Tresmontant prend position clairement : ce sont les orthodoxes qui ont raison. Le filioque est erroné (Léon XIV vient d'ailleurs de le remettre en cause). Pour Tresmontant, cette erreur résulte du passage du très concret hébreu à l'abstrait grec puis au latin. Saint Augustin a identifié le Fils au logos du Père, abstraction qui justifie le filioque et ouvre la voie à l'hérésie arienne (Jésus est subordonné au Père) si elle est mal comprise.

On devrait plutôt parler de « faces » ou d'« aspects » de Dieu, plutôt que « personnes ». Ça induirait moins en erreur.

Je suis toujours émerveillé que des points théologiques qui paraissent abscons aient des conséquences très concrètes.

La résurrection des corps et l'immortalité de l'âme

Tresmontant déteste l'utilisation de vocabulaire transposé directement du grec ou du latin comme « résurrection » ou « eucharistie » ou « Verbe ». Il trouve que cela obscurcit le sens, il préférerait qu'on dît « relèvement » plutôt que « résurrection » (c'est d'ailleurs ce qu'on dit en anglais : the Lord is risen).

Je trouve qu'il manque de psychologie. L'emploi d'un vocabulaire spécifique ne me choque pas, à condition qu'il soit correctement expliqué et compris.

Ceci étant dit, Tresmontant estime que nous sommes trompés par la séparation platonicienne du corps et de l'âme, séparation que ne faisaient pas les juifs et que ne devraient pas faire les chrétiens. Par conséquent, il n'y aura pas de relèvement des corps indépendamment l'âme. Ce que la résurrection sera, on ne peut pas le dire, c'est un mystère qui nous dépasse.

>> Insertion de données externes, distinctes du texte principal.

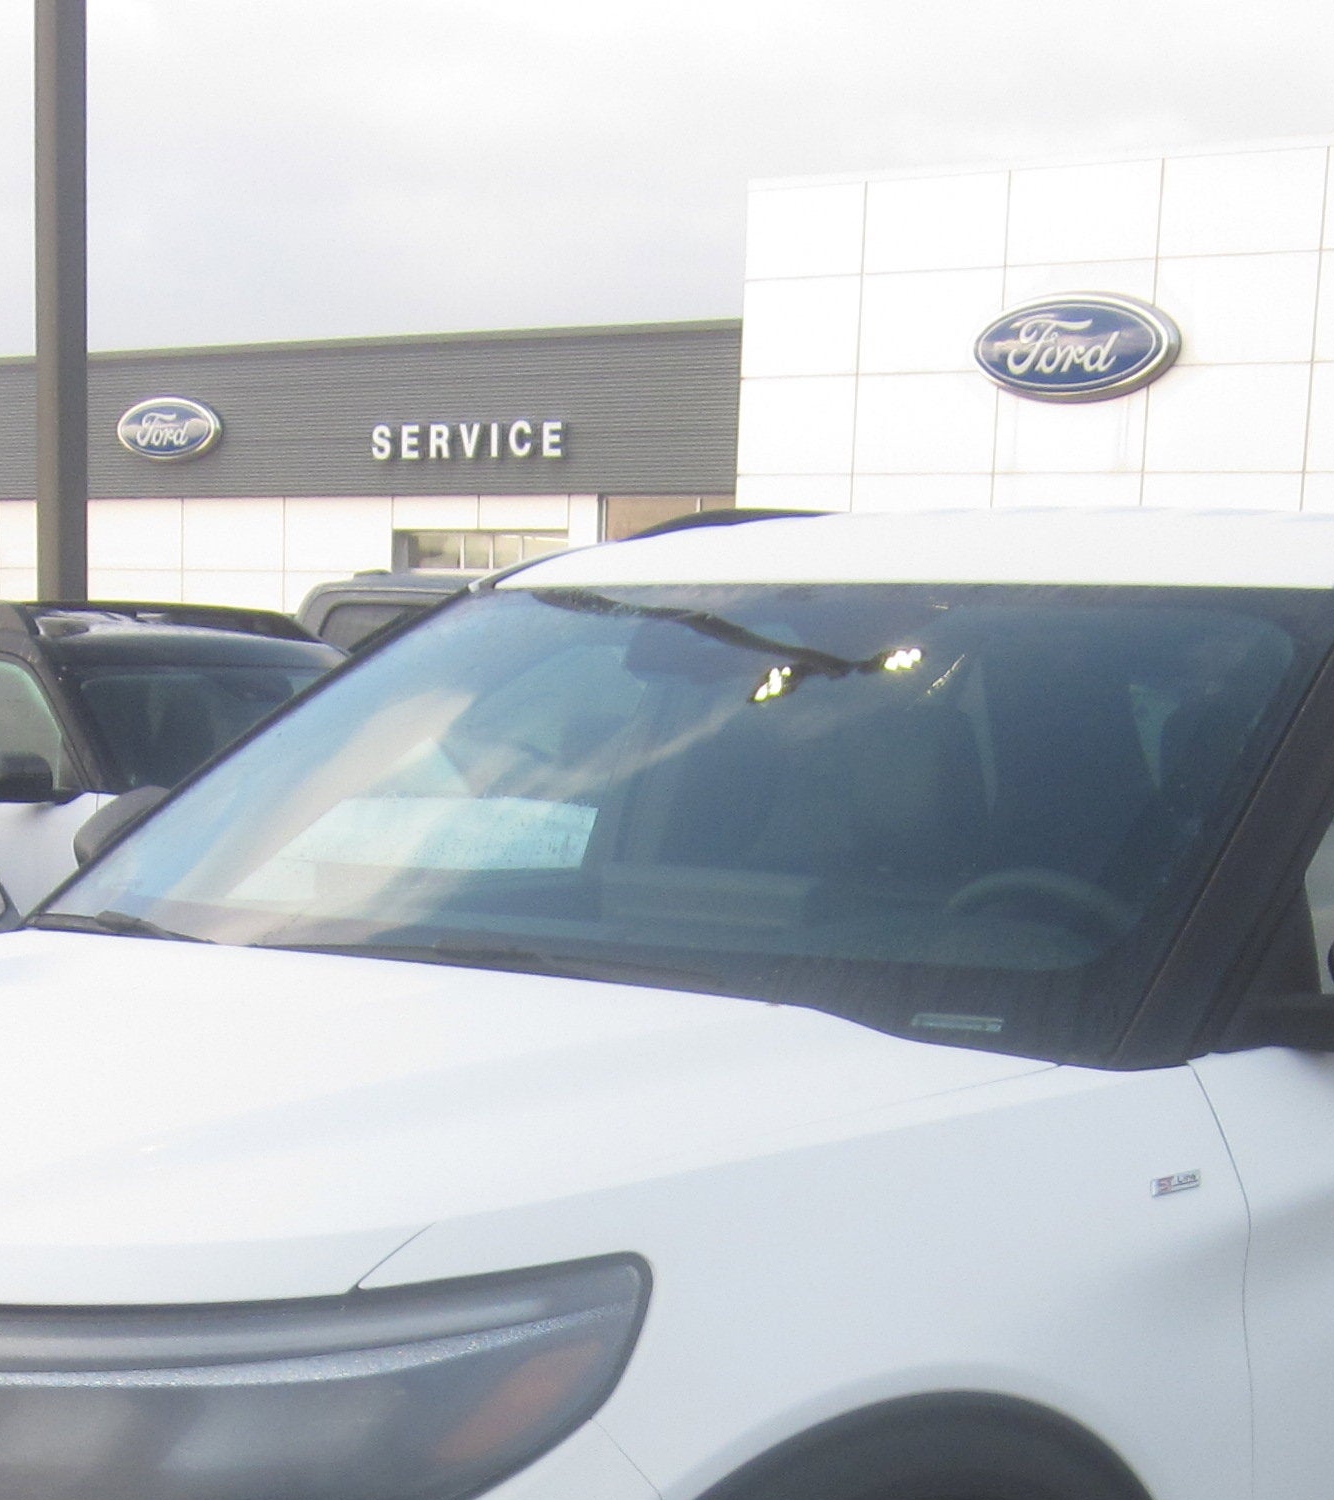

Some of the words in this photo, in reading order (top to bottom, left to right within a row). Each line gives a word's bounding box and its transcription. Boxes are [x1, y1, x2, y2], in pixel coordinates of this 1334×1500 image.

Il faut juste faire confiance à Isaïe (65, 17) :

Oui, voici : je vais créer un ciel nouveau et une terre nouvelle, on ne se souviendra plus du passé, il ne reviendra plus à l’esprit. 

qu'on retrouve aussi dans l'Apocalypse (21, 5-6) (Tresmontant préférerait qu'on dît Le Dévoilement !) :

« Lors celui qui siégeait sur le Trône déclara : « Voici que je fais toutes choses nouvelles. » Et il dit : « Écris, car ces paroles sont dignes de foi et vraies. »

Puis il me dit : « C’est fait. Moi, je suis l’alpha et l’oméga, le commencement et la fin. À celui qui a soif, moi, je donnerai l’eau de la source de vie, gratuitement. »

Et Mon royaume n'est pas de ce monde.

Quant à l'immortalité de l'âme, pareil : il faut en croire la promesse du Créateur mais impossible de connaitre en quoi elle consiste exactement.

Donc impossible de répondre à « Est-ce que je retrouverai mon chat au Paradis ? ».

Le legs empoisonné de Saint Augustin

Saint Augustin a commis l'exploit d'être à l'origine théologique de deux schismes : le grand schisme (avec le filioque) et la Réforme (avec sa conception terrible du péché originel et de la grâce).

Il est bon qu'un fils d'Augustin, le pape Léon XIV, entreprenne de corriger l'erreur du filioque.

Quant à concevoir le péché originel comme une chute de l'esprit dans la matière, c'est typiquement gnostique. Augustin écrit sans sourciller que les bébés non-baptisés brûlent en Enfer. C'est franchement insupportable (vous aurez compris que Saint Augustin n'est pas mon saint préféré. Et puis, quelqu'un qui a servi de référence au jansénisme ...).

Tresmontant préfère la christologie du Bienheureux Jean Duns Scot : le Christ est l'Homme Parfait, celui vers lequel tout homme doit  tendre. En attendant le jour béni où, dans un royaume qui n'est pas de ce monde (halte au millénarisme), tous les hommes seront parfaits, l'homme est frappé d'imperfection, c'est ce qu'on appelle le péché originel.

Ce n'est pas réjouissant, mais c'est loin du pénible rigorisme janséniste ou puritain.

Voilà qui conclut cette (longue) recension.